Knife: A New Harry Hole Novel
Knife by Jo Nesbo is dark and deep, a black hole of a story. Specifically, it is another story of Harry Hole, a soul from which no light or joy escapes. The story begins with action and terror. Then the plot becomes most impenetrable. Characters and subplots wind around themselves like thick vines in a primal forest. Little light penetrates the frequently long paragraphs. Strange flora, such as repeated references to Doc Marten shoes and IKEA products snag at the reader. What begins fast paced mystery ends with a seemingly unscripted roll of the dice.
Hole himself best summarizes his newest agony among the living: “I cannot control anything. I just want to find the man who killed Rakel. Then I’ll wake up. And die.”
Somehow, Hole has been able to return to the Oslo police force. His brain is still awash with alcohol. His body staggers between days of hangover and retching. His wife Rakel has kicked him out. Then she is murdered. Hole finds himself in the crosshairs of both psychological and literal guilt for her murder. Like Lady Macbeth from Nesbo’s novel of last year, Hole finds blood, which is not his own, on his hands. He has no memory of how it came to be there.

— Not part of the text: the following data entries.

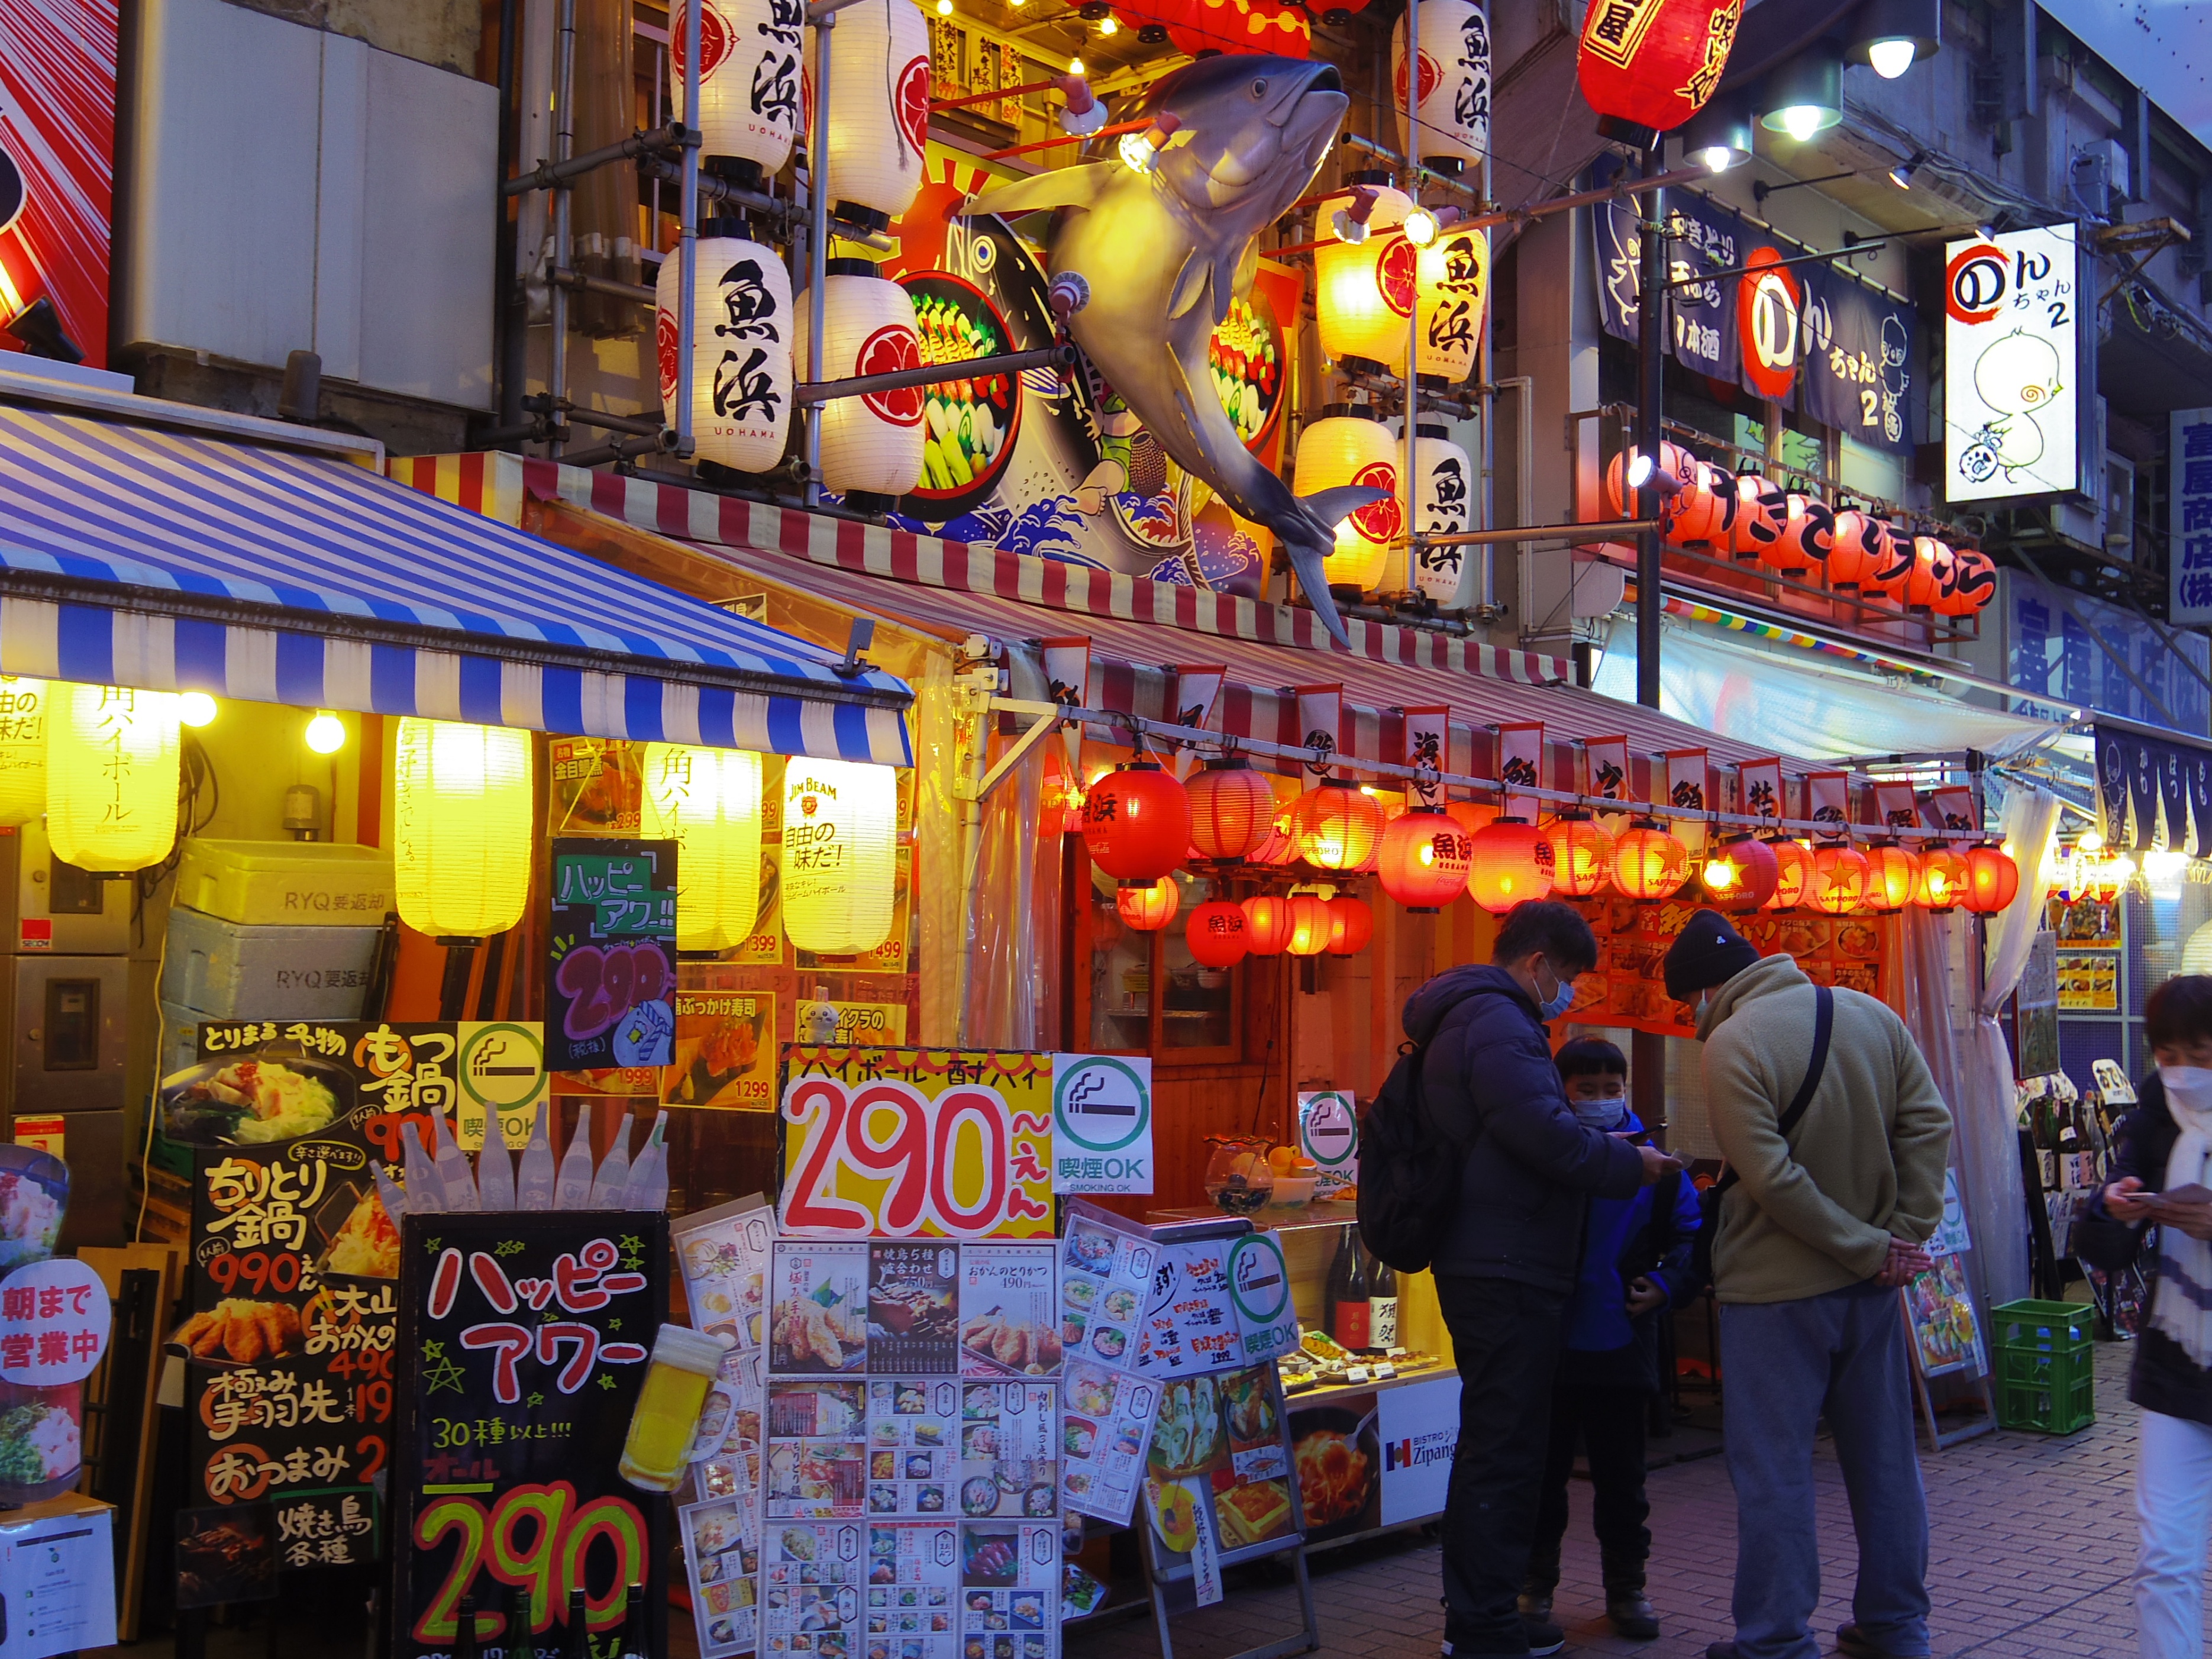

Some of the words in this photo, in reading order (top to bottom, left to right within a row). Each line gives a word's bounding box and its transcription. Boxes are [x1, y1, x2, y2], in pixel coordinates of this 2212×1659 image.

[1455, 15, 1490, 133] 魚浜
[1428, 237, 1480, 355] 魚浜
[1954, 250, 2051, 311] のん
[2013, 279, 2071, 310] ちゃん
[1751, 273, 1832, 368] のん
[2046, 301, 2070, 328] 2
[713, 259, 781, 422] 魚浜
[1426, 354, 1468, 367] UOHAMA
[1829, 346, 1877, 383] ちゃん
[1861, 389, 1879, 426] 2
[715, 427, 776, 439] UOHAMA
[1420, 457, 1467, 575] 魚浜
[789, 783, 804, 802] JIM
[806, 776, 837, 801] BEAM
[786, 822, 835, 848] 自由の
[794, 844, 842, 871] 味だ!
[561, 861, 644, 900] ハッピー
[600, 898, 674, 929] アワー!!
[1820, 895, 1858, 903] SAPPORO
[1207, 915, 1243, 933] 魚浜
[745, 935, 777, 952] 1399
[868, 940, 901, 959] 1499
[556, 945, 670, 1041] 290
[837, 1008, 885, 1031] イクラの
[205, 1022, 277, 1051] とりまる
[285, 1023, 347, 1056] 名物
[364, 1024, 456, 1072] もつ
[360, 1063, 456, 1113] 鍋
[618, 1068, 653, 1085] 1999
[734, 1080, 770, 1099] 1299
[801, 1057, 1036, 1090] ハイボール・酎ハイ
[782, 1073, 1010, 1237] 290
[1058, 1158, 1144, 1181] 喫煙OK
[205, 1158, 327, 1208] ちりとり
[1070, 1184, 1115, 1193] SMOKING
[1116, 1184, 1131, 1193] OK
[206, 1201, 306, 1250] 鍋
[883, 1248, 935, 1261] 焼鳥5種
[208, 1252, 301, 1294] 990
[298, 1254, 317, 1292] えん
[427, 1238, 648, 1320] ハッピー
[968, 1266, 1048, 1277] おかんのとりかつ
[1000, 1277, 1031, 1289] 490円
[2, 1283, 92, 1322] 朝まで
[334, 1284, 397, 1315] 大山
[1, 1328, 99, 1370] 営業中
[305, 1318, 396, 1355] おかんの
[1245, 1323, 1298, 1355] 喫煙OK
[459, 1322, 648, 1405] アワー
[208, 1368, 297, 1399] 極み
[208, 1379, 345, 1441] 手羽先
[432, 1416, 573, 1448] 30種以上!!!
[1413, 1432, 1444, 1447] BISTRO
[209, 1445, 350, 1496] おつまみ
[422, 1452, 501, 1482] オール
[1413, 1443, 1458, 1467] Zipang
[277, 1495, 373, 1542] 焼き鳥
[285, 1535, 355, 1567] 各種
[412, 1480, 650, 1645] 290
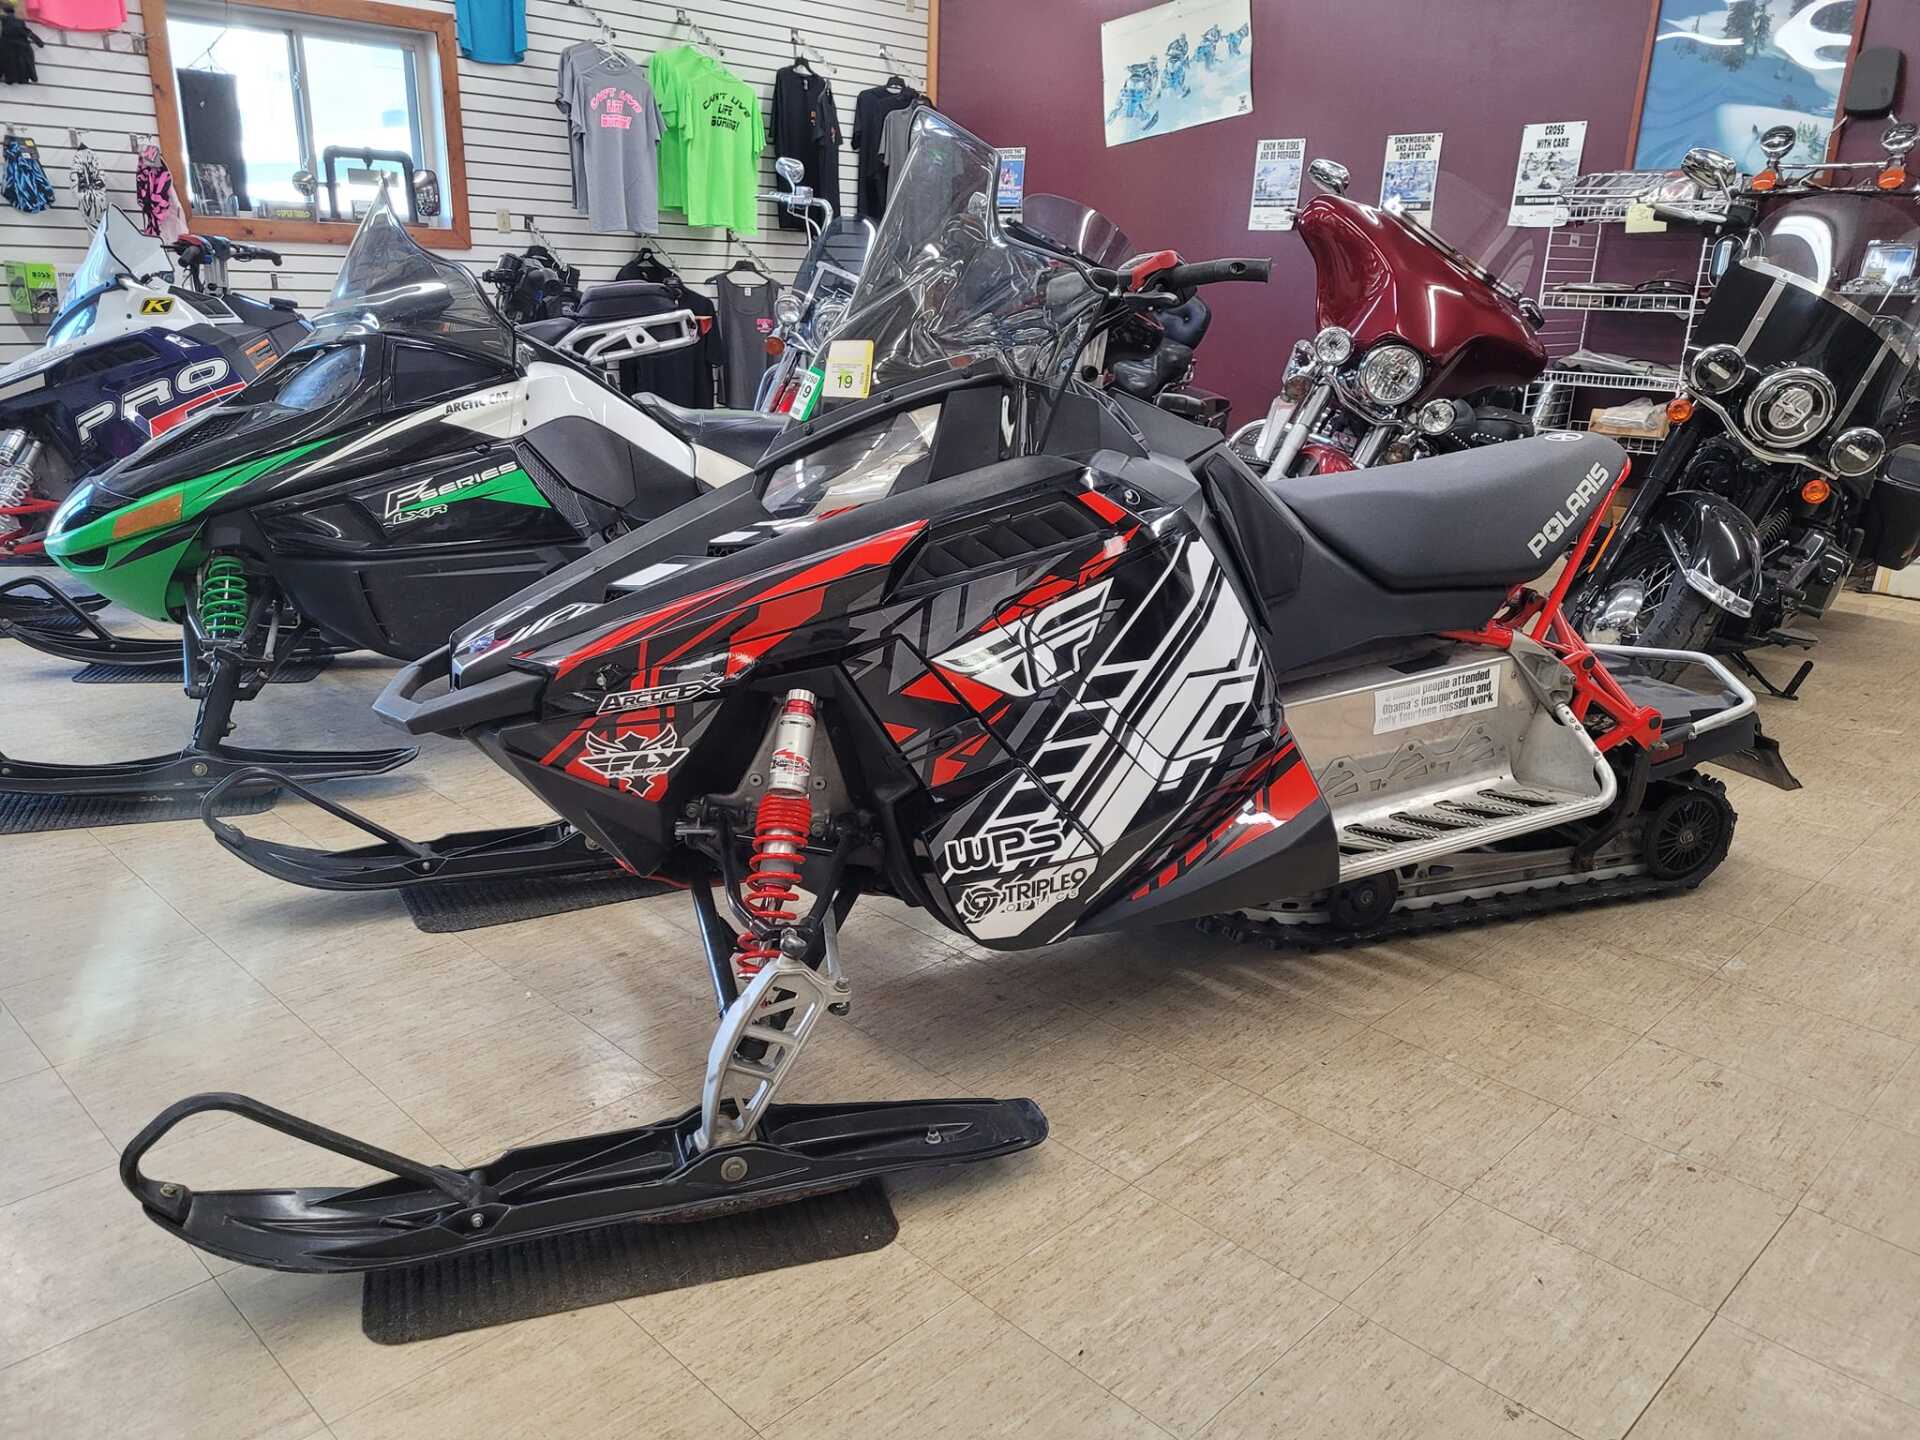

Knife has many actual knives glinting from its many, many pages. There are trails of blood and women rendered helpless before they fall victim to the worst of crimes in the dense prose forest. There is even a penis exploded by a special bullet fired from s sniper’s rifle.
Nesbo keeps Nordic mayhem fresh as winter slips to spring. He has not lost his touch for torturing Hole in this, the 12th installment the detective’s ongoing nightmare. Hole just cannot seem to wake up and die right.